If you love the fast cars, cool gadgets, and shaken (not stirred) dry vodka martinis of iconic MI6 agent James Bond, you're not going to like this: The premiere of Daniel Craig's fifth outing as 007, No Time To Die, has been delayed until November in light of the COVID-19 epidemic. 

An empty movie theater

Image source: Getty Images.

The worldwide delay

The 25th movie in the James Bond franchise was set to be distributed internationally by Universal (which is owned by Comcast (NASDAQ:CMCSA) through its subsidiary NBC) this April. However, on the official James Bond website, the announcement was made that the upcoming film will be delayed due to the coronavirus. Many movie theaters (and other businesses in China) are closed, making a launch in the world's second-most-important movie market impractical for now. And as COVID-19 spreads globally, it's possible that movie theater chains in other countries could follow suit.

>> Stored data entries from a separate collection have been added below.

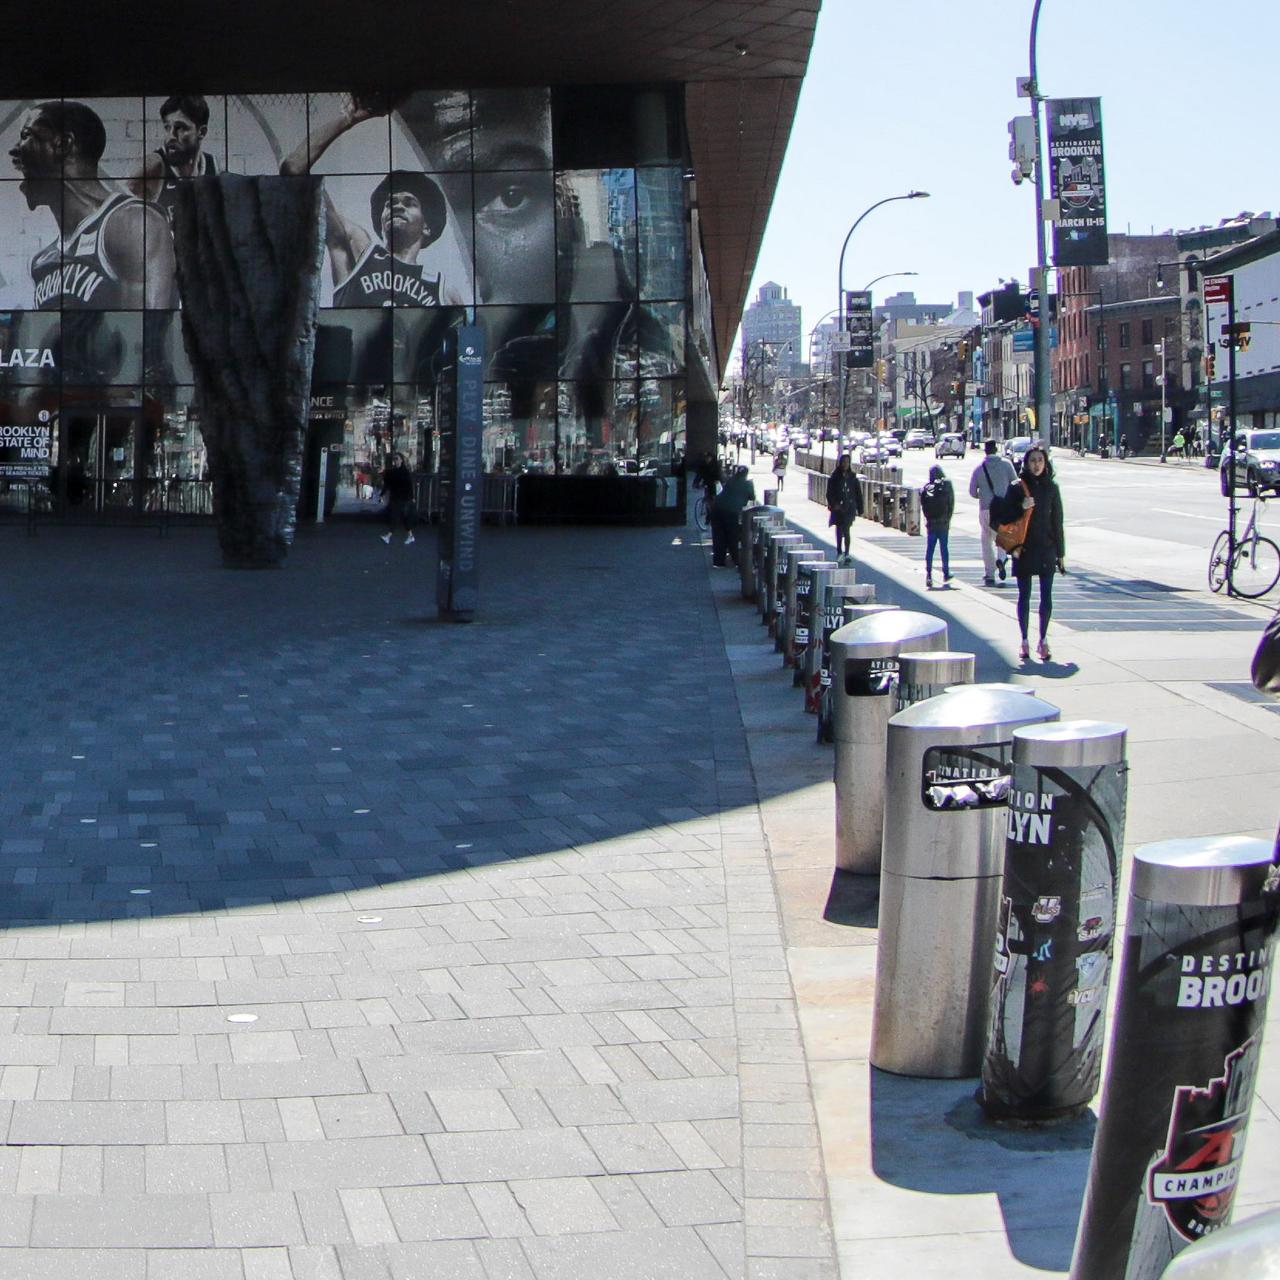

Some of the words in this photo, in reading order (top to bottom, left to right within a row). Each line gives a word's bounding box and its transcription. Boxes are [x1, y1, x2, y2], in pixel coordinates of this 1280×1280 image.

[1051, 145, 1102, 157] BROOKLYN
[34, 263, 104, 310] ROOKLYN
[360, 270, 437, 307] BROOKLYN
[461, 379, 477, 423] PLAY
[21, 448, 49, 459] MIND
[33, 437, 50, 448] OF
[460, 436, 476, 480] DINE

No Time To Die isn't the first movie release put on hold because of the coronavirus. Recently, Disney announced that it would delay the release of its live-action remake of Mulan -- but only in China. The movie is still slated to arrive in U.S. theaters on March 27, right on schedule. By contrast, No Time To Die is being delayed worldwide.

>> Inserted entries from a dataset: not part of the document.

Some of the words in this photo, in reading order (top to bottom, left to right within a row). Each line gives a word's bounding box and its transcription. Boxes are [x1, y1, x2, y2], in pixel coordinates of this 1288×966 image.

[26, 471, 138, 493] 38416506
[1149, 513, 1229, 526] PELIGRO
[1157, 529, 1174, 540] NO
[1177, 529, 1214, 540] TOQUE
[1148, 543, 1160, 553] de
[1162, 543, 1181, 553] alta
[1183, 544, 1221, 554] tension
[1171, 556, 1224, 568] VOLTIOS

But it's not surprising. James Bond films perform well at the global box office. The last two, Skyfall and Spectre, hauled in $1.1 billion and $880 million at the box office respectively. But Skyfall made more than $804 million (72.5%) of its gross in non-U.S. markets, and Spectre pulled in $681 million (77.3%) internationally.

Moving No Time To Die to November gives it a better chance to play to larger audiences in a wider number of theaters. Autumn is also a better time to compete for ticket sales than the blockbuster-heavy summer months.

The film is now scheduled for a Nov. 25 release in the U.S.